* **WHAT YOU SHOULD DO**: Wherever the listing holds a picture, leave it out, and copy the remainder exactly.

——————————

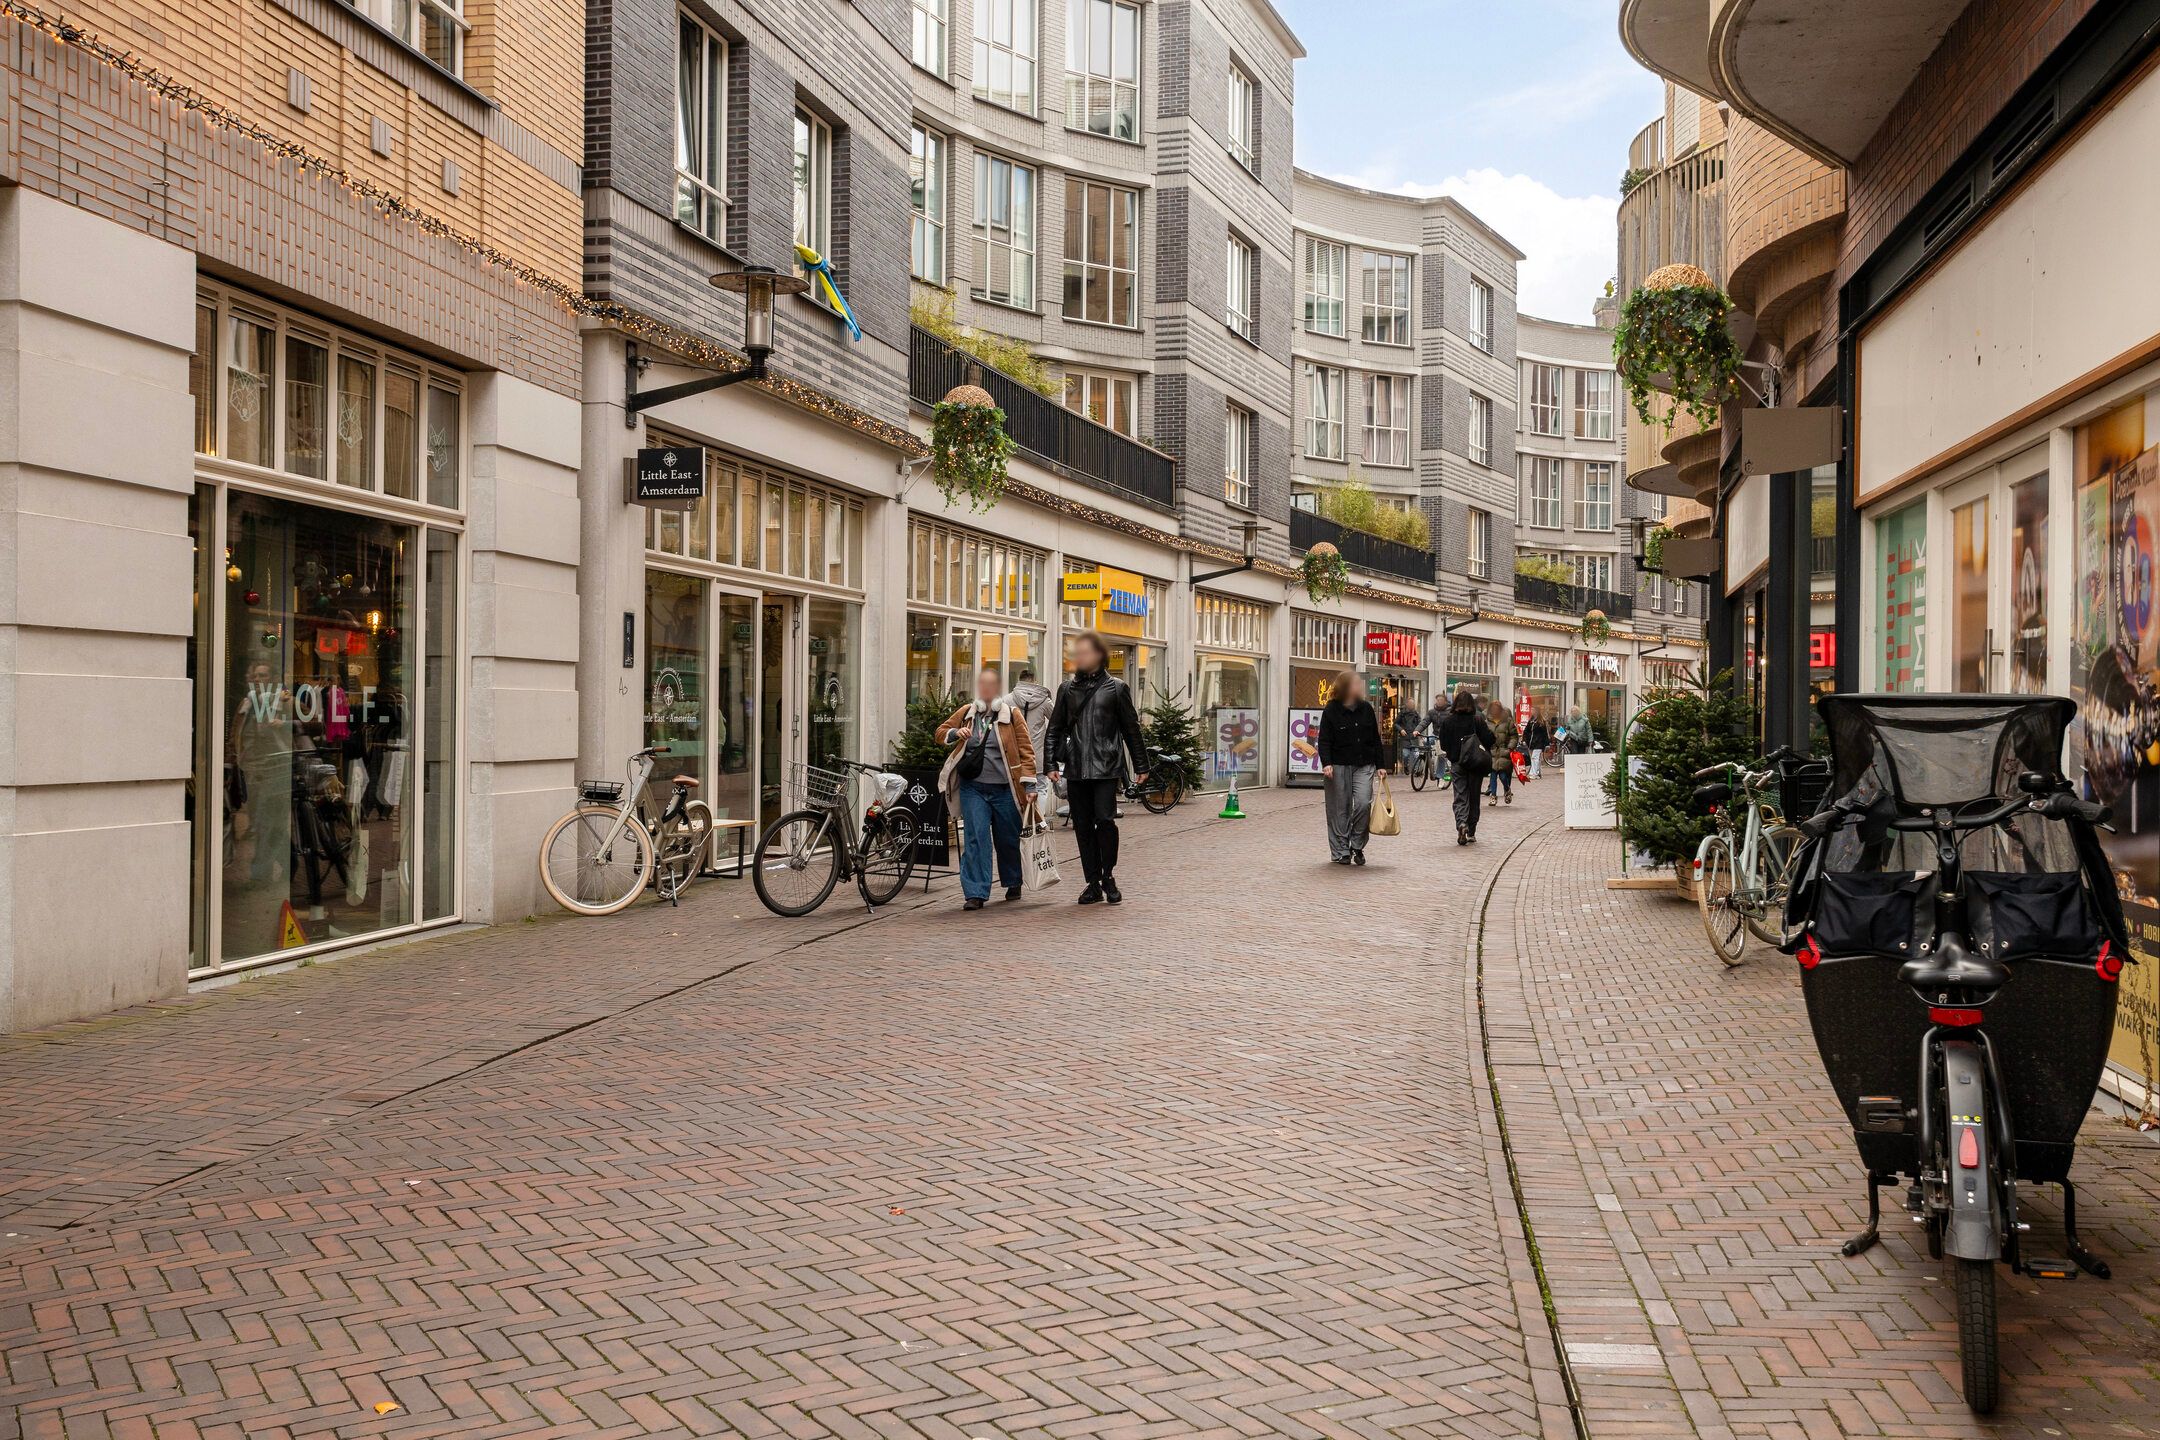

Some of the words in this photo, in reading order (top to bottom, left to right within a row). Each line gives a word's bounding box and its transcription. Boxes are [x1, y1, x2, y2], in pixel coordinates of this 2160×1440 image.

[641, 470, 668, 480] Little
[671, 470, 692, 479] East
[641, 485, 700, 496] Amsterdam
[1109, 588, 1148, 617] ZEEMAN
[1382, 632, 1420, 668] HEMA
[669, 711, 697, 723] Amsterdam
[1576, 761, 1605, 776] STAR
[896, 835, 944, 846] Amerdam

——————————

* **PROBLEM SOLUTION**:
Some of the words in this photo, in reading order (top to bottom, left to right within a row). Each line gives a word's bounding box and its transcription. Boxes are [x1, y1, x2, y2], in pixel coordinates of this 2160×1440 image.

[641, 470, 668, 480] Little
[671, 470, 692, 479] East
[641, 485, 700, 496] Amsterdam
[1109, 588, 1148, 617] ZEEMAN
[1382, 632, 1420, 668] HEMA
[669, 711, 697, 723] Amsterdam
[1576, 761, 1605, 776] STAR
[896, 835, 944, 846] Amerdam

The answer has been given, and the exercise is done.